# Dun Laoghaire-Holyhead route ends



## beedeesea (Feb 28, 2006)

Dun Laoghaire- Holyhead route ends:
http://www.irishtimes.com/business/...olyhead-route-1.2090954#.VNJhVFCLxVc.facebook

Brian


----------



## Erimus (Feb 20, 2012)

Similar tale from Welsh Post....

Pity as that is the service I have used to go and see the family in Wicklow...

Stena Line's HSS Explorer service from Holyhead to Ireland is to be scrapped.

The fast ferry service - that runs from Anglesey to the port of Dun Laoghaire - has been in doubt for a number of years after fuel prices spiralled, making the 1,600 passenger service increasingly unviable.

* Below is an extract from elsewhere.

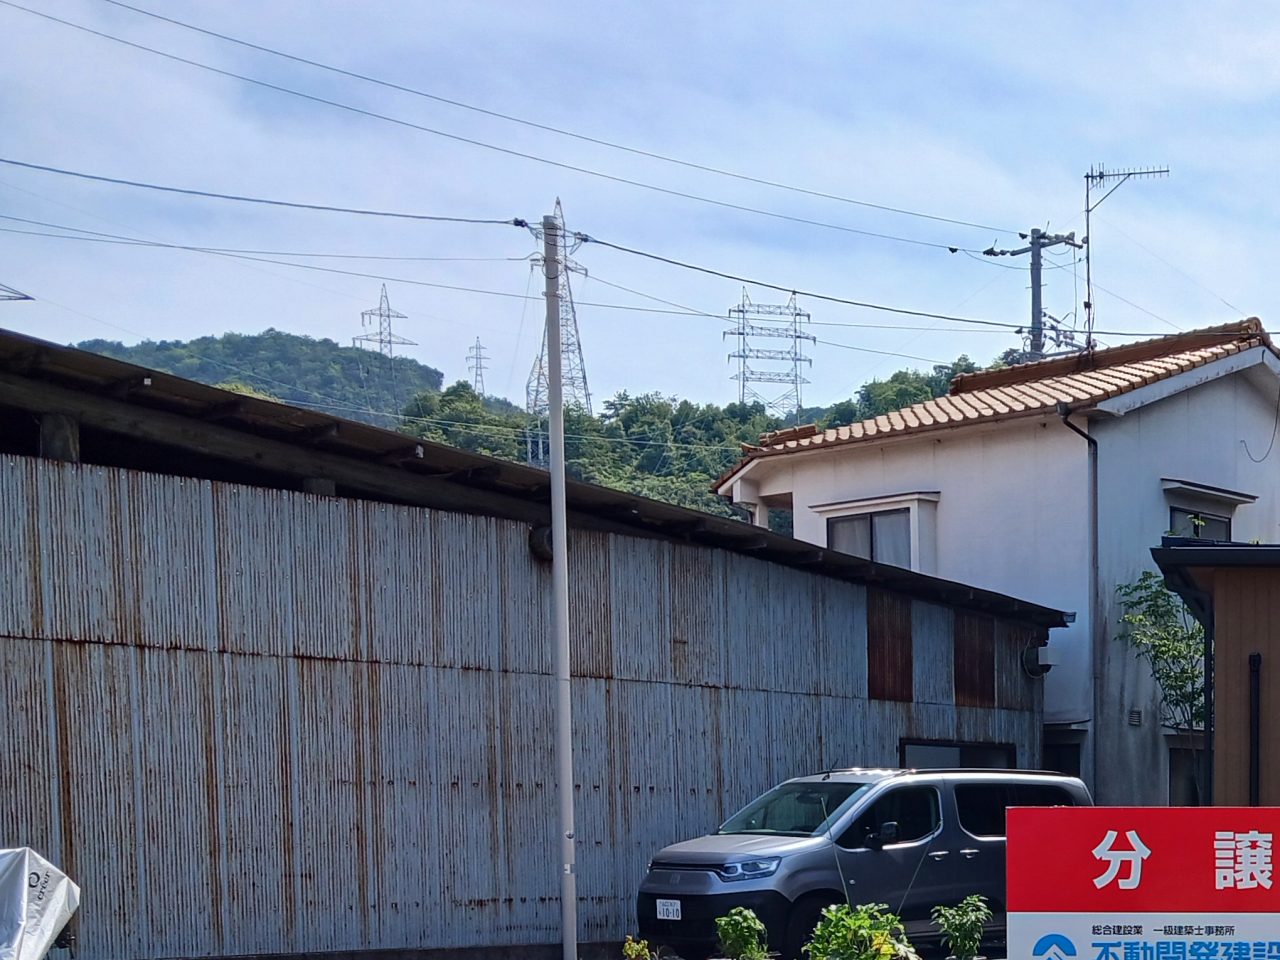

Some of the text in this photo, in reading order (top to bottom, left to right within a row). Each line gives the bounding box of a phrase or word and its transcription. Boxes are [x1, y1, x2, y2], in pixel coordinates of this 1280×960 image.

[1091, 925, 1235, 936] 総合建設業 一級建築士事務所

Stena initially reduced sailings from two daily to just one in 2008, and then brought in the smaller 600 passenger Stena Express (Lynx) in 2010 to run over off-peak months.

Back in 2011 Stena Line announced the HSS Explorer, which crossed the Irish Sea in just over two hours, will remain in dock from September to April.

In recent years it has run a summer service and routes over Christmas, although this was cut in 2014.

Today Stena announced a consolidation of its services from Holyhead to Dublin Port.

The company has stated that it will be concentrating on expanding its existing ferry service at Dublin Port while at the same time confirming that it is withdrawing its HSS Stena Explorer service from Dun Laoghaire Harbour.

Ian Davies, Stena Line’s Route Manager for Irish Sea South, said: “With two services operating approx 10 miles apart we needed to make a decision in relation to what operation best serves the needs of our customers now and in the years ahead, and that operation is Dublin Port.

"Stena Line has operated the HSS Stena Explorer into Dun Laoghaire since 1995 during which time the vessel has carried a mix of passengers, car and coach traffic.

"The Dun Laoghaire service was successful for several years following its introduction, carrying over 1.7 million passengers annually during its peak in 1998.

"However, post the withdrawal of ‘duty free’ shopping, passenger and cars volumes declined dramatically and by 2014, less than 200,000 ferry passengers travelled through Dun Laoghaire Harbour.

"This represented a decline of over 90% in volume, making the route unsustainable.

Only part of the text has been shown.